Когда в ходе гастролей Валерий Белякович показал в Японии «Ромео и Джульетту», впечатление было таково, что ему была немедленно предложена совместная постановка. Так, московский театр «На Юго-Западе» и токийский театр «Тоуэн» соединились, чтобы разыграть пьесу лондонца, посвященную итальянским распрям полутысячелетней давности. В России запланировали два-три представления. На одном я был.
Я был потрясен. При том, что не понимаю ни одного японского слова.

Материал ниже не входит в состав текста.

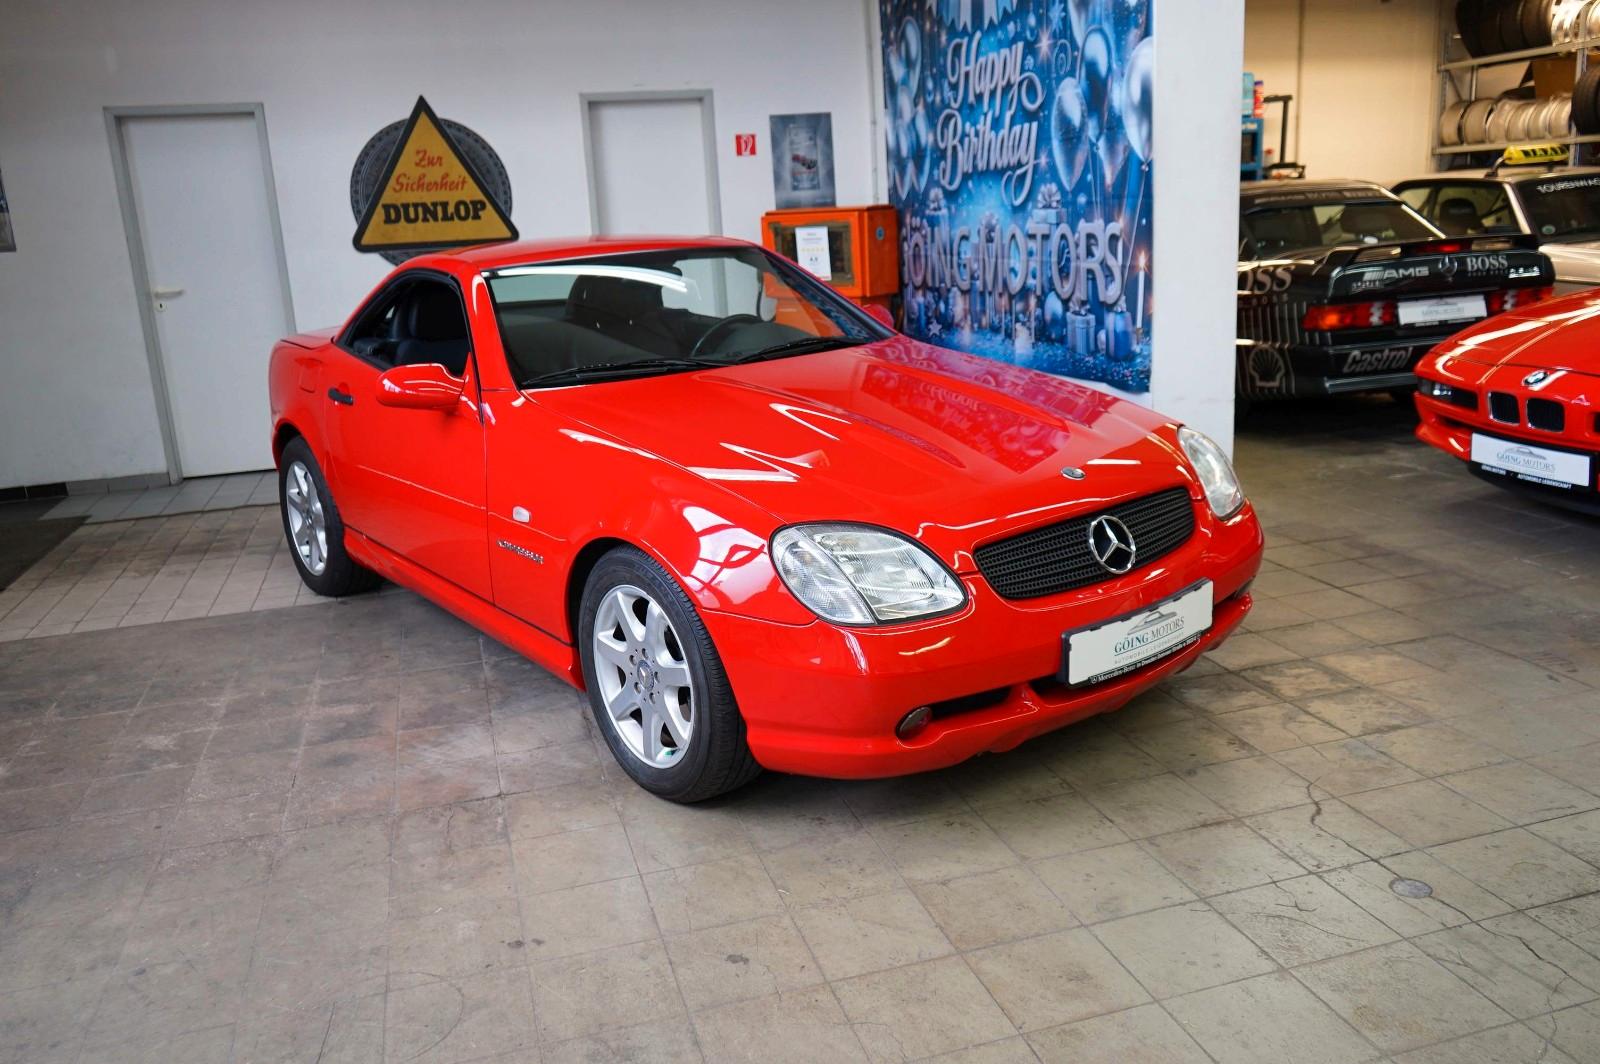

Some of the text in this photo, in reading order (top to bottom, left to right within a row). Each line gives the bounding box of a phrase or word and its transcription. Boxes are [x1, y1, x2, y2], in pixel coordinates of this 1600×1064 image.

[947, 30, 1045, 115] Happy
[414, 149, 443, 168] Zur
[937, 109, 1039, 206] Birthday
[391, 172, 468, 193] Sicherheit
[382, 200, 487, 224] DUNLOP
[903, 217, 1122, 305] ÖING MOTORS
[1384, 266, 1429, 280] AMG
[1467, 255, 1508, 271] BOSS
[1343, 346, 1413, 374] Castrol
[1114, 632, 1149, 653] GÖING
[1151, 616, 1185, 641] MOTORS
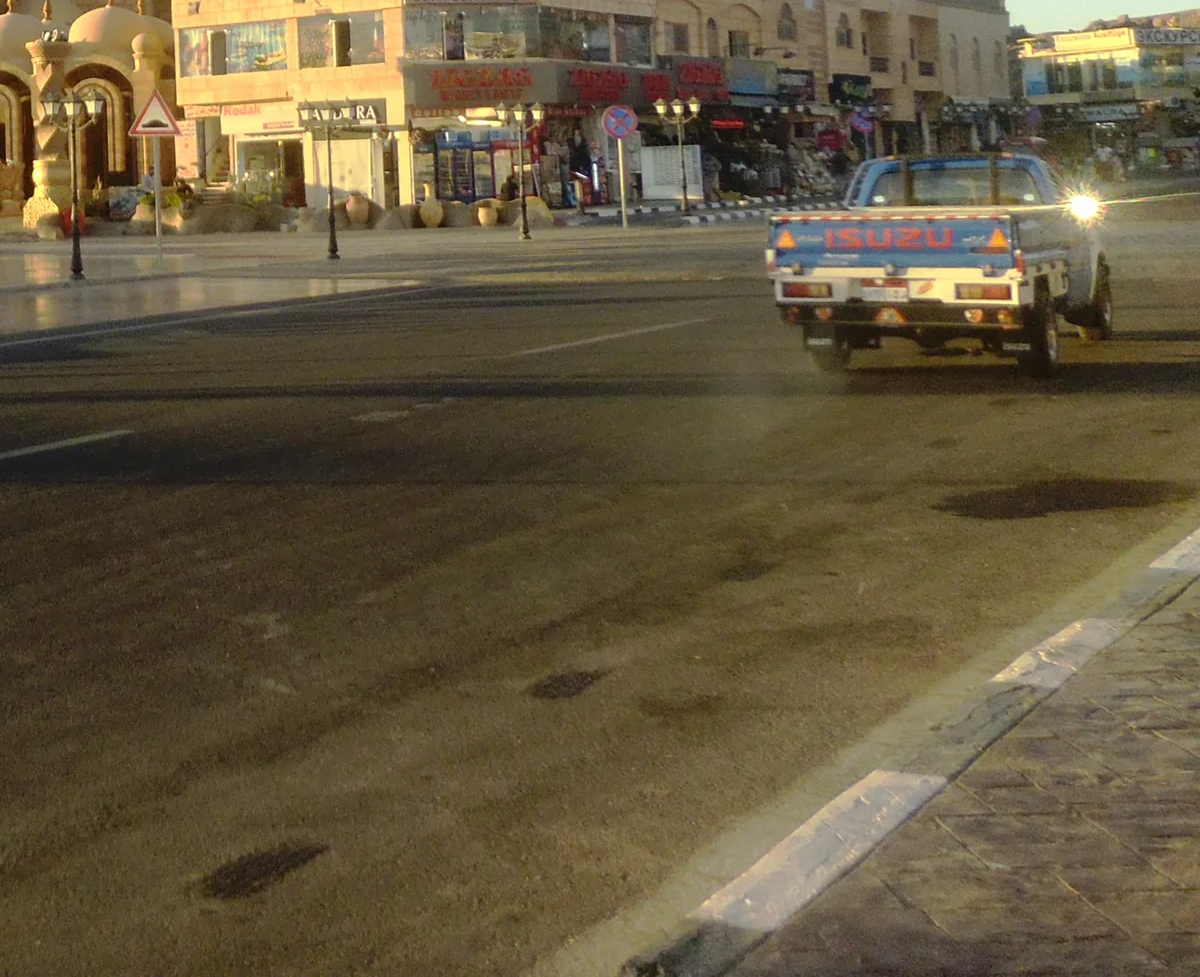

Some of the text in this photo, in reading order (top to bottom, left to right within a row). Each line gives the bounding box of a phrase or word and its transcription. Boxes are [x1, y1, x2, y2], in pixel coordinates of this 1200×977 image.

[1136, 29, 1200, 43] ЭКСКУРС
[223, 104, 261, 116] Kodak
[825, 227, 953, 250] ISUZU
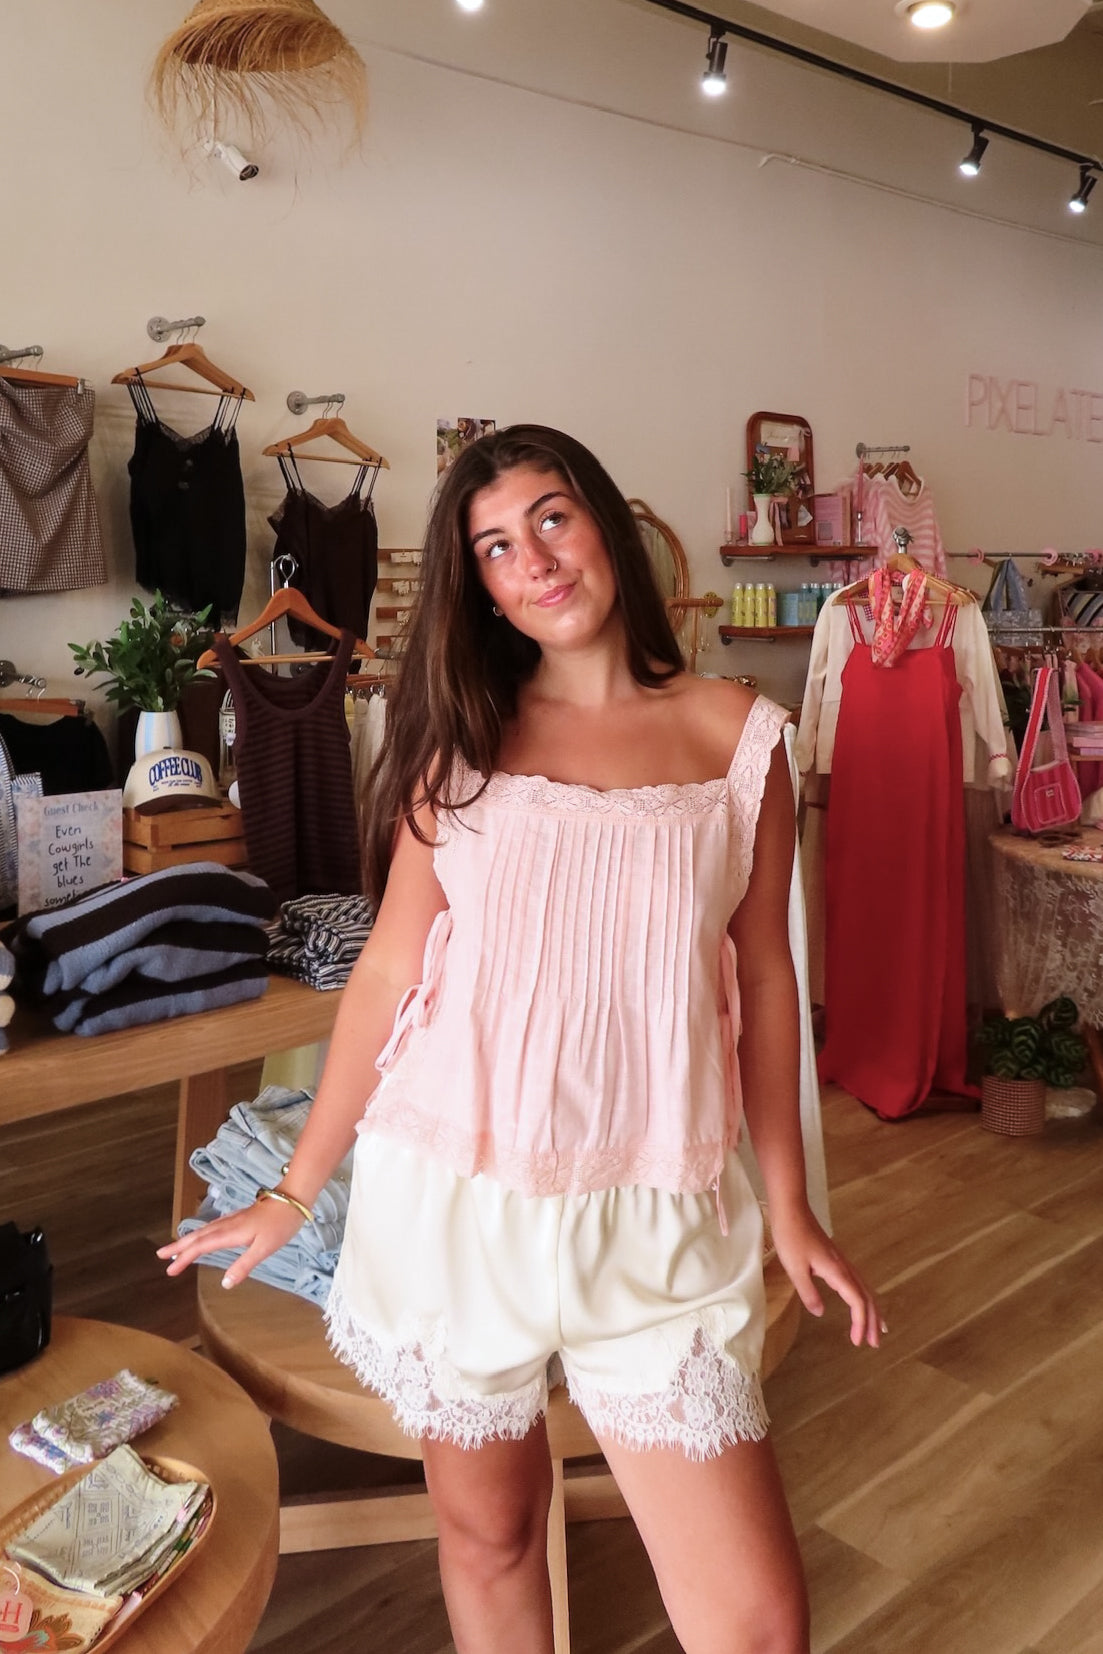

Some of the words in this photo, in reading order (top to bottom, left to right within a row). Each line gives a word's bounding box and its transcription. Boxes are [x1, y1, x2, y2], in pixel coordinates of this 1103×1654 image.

[149, 756, 182, 786] COFFEE
[181, 757, 203, 785] CLUB
[55, 825, 81, 839] Even
[48, 837, 94, 856] Cowgirls
[52, 857, 68, 876] get
[57, 875, 84, 888] blues
[44, 890, 76, 907] somet
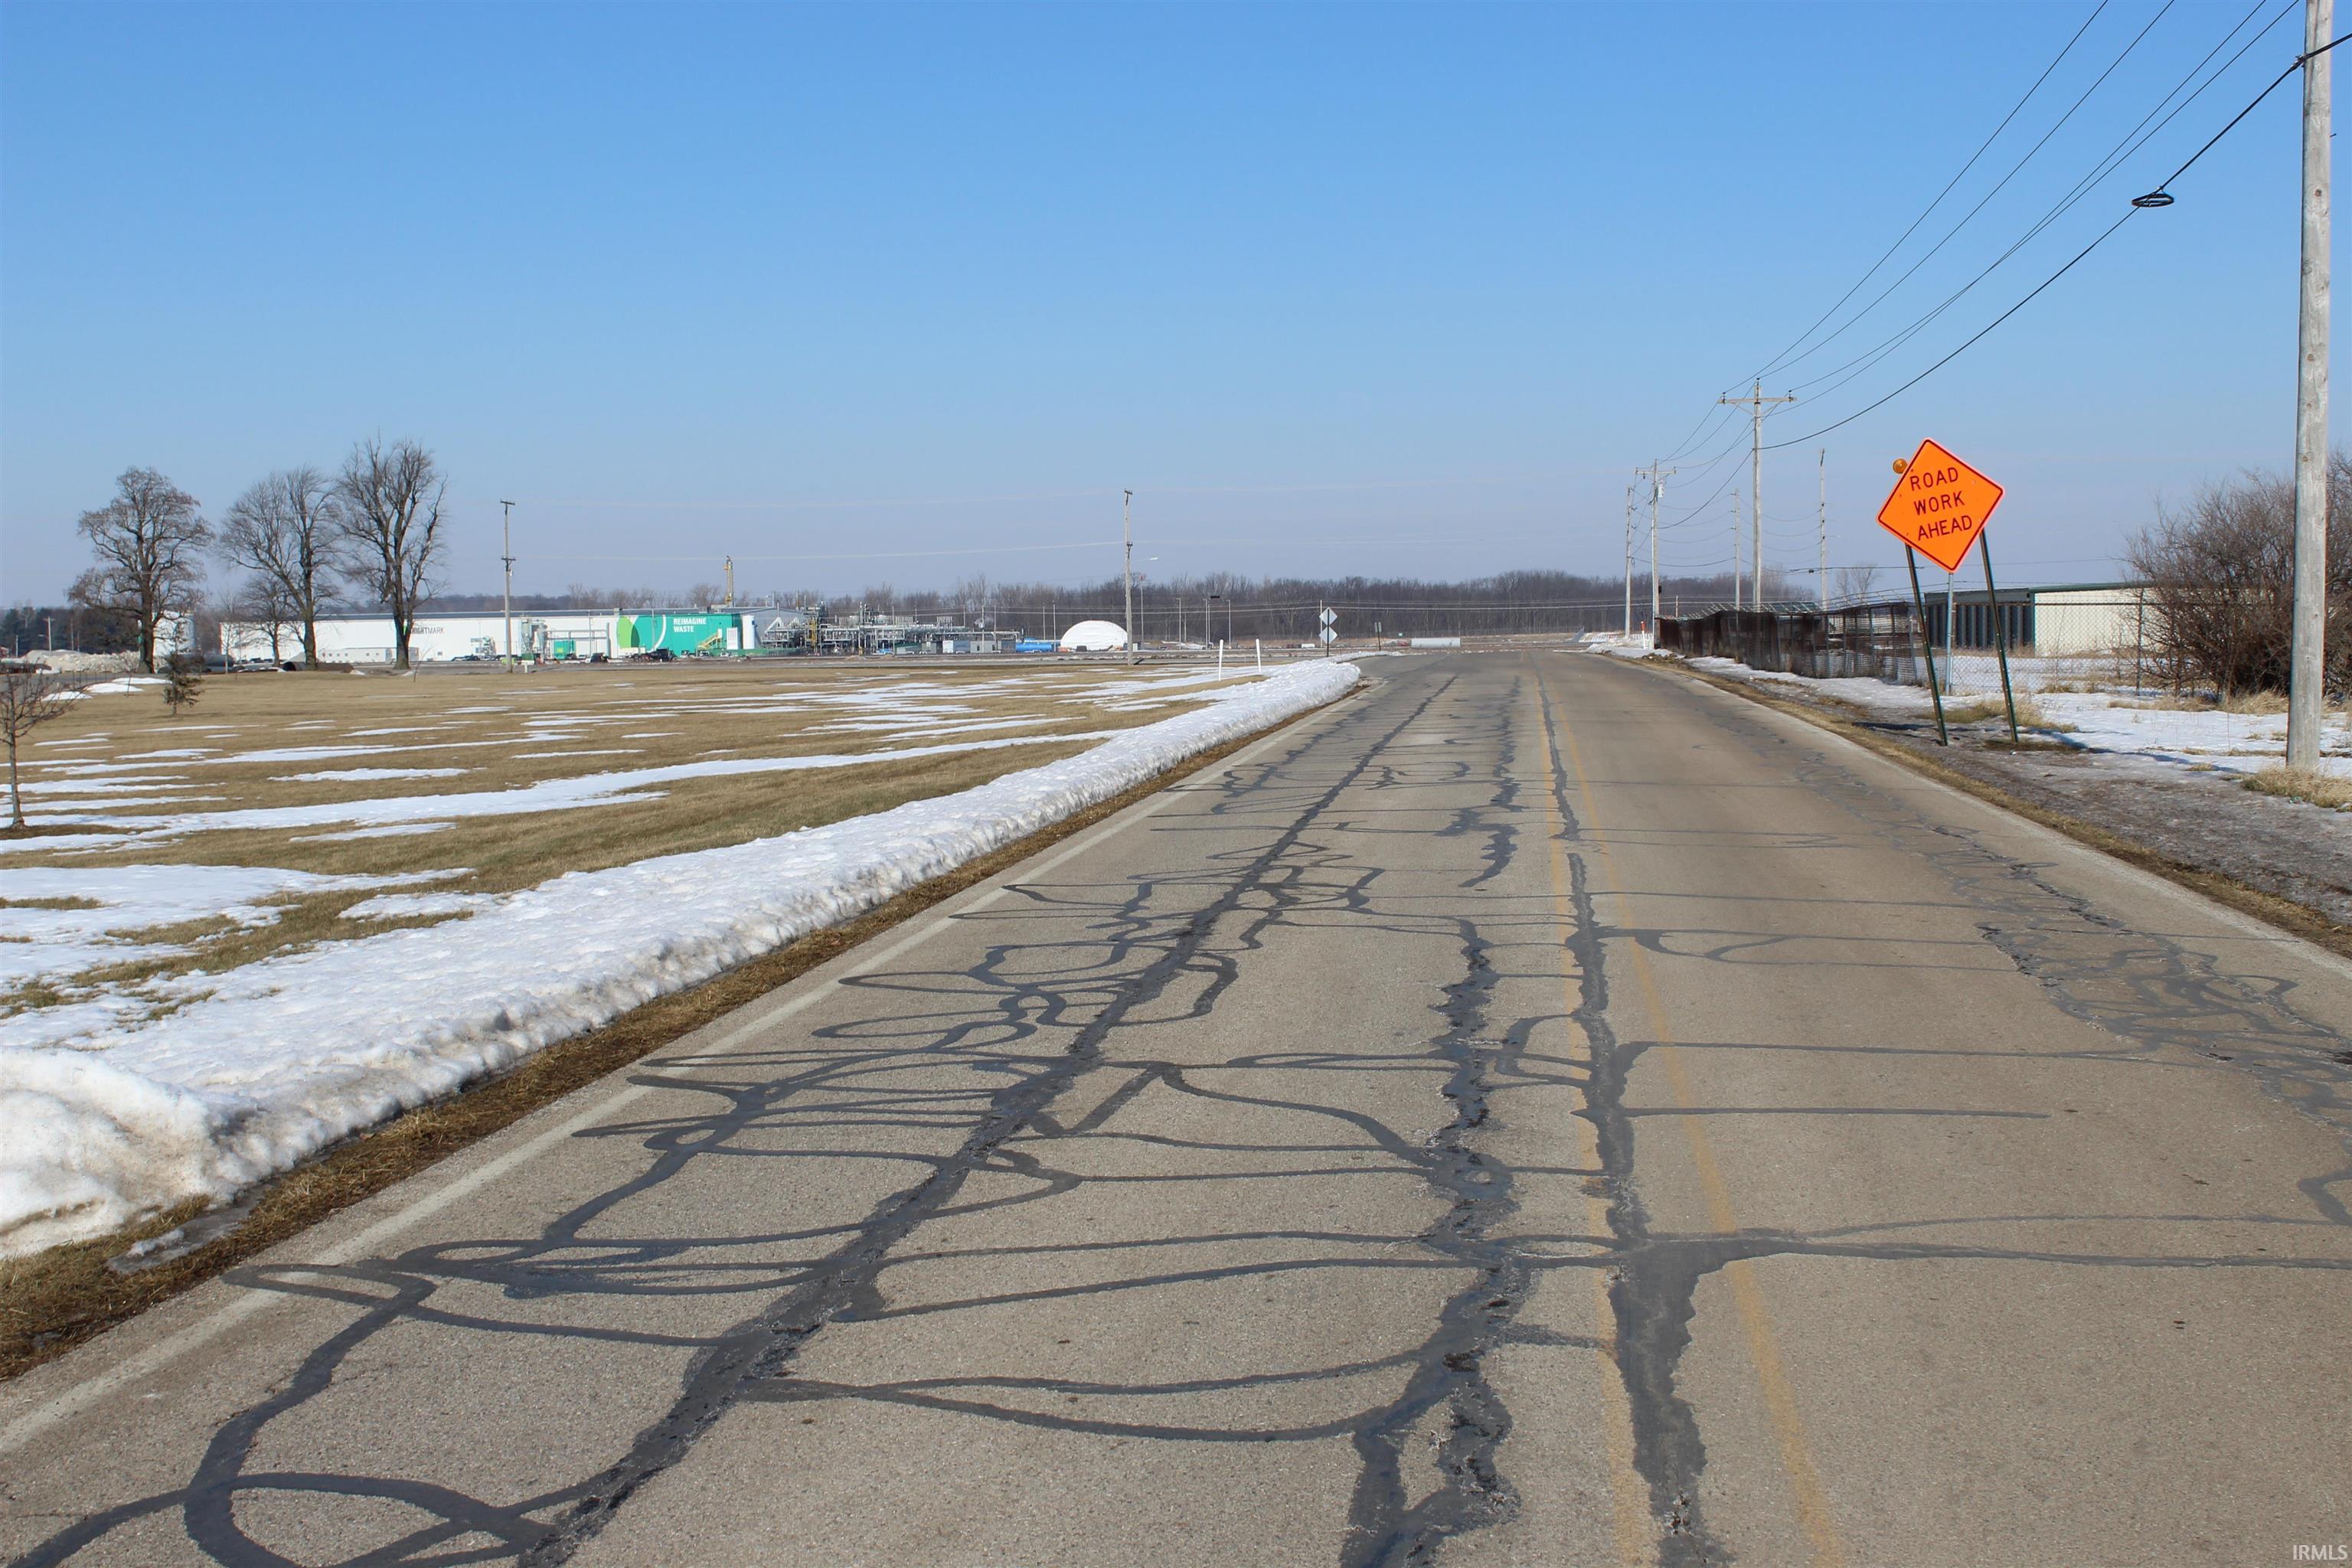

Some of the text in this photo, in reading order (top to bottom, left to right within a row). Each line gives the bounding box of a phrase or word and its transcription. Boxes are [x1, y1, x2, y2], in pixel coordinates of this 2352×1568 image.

[1910, 467, 1958, 491] ROAD
[1914, 491, 1965, 515] WORK
[1918, 515, 1972, 541] AHEAD

Я видел, как японская Джульетта и русский Ромео взглядами, прикосновениями, поцелуями, слезами смывают языковой барьер. А две своры по углам ждут момента, чтобы растащить их. Магия мимики и пластики, соединяющая две невообразимо далекие культуры в волшебное театральное единство? Да. И еще что-то «сверх театра», что Белякович, может быть, и не ставил своей непосредственной задачей.
Как и велено у Шекспира, он начал действие с драки. Всех Капулетти одел в красное, всех Монтекки – в черное. На одну сторону встали актеры-японцы, на другую – русские. И когда сошлись, мне вдруг стало дурно. Какая-то тошнотворная, темная, цусимско-курильская муть поднялась со дна прапамяти. Господи, по какому же динамиту мы ходим…
Весь дальнейший спектакль бережно и любовно токийские и московские артисты выводили из моей души этот ударивший яд. И это было то самое очищение, тот – сверх театра – катарсис, которым, наверное, объясняется, почему русско-японский спектакль Беляковича стал одним из самых сильных моих потрясений последнего времени.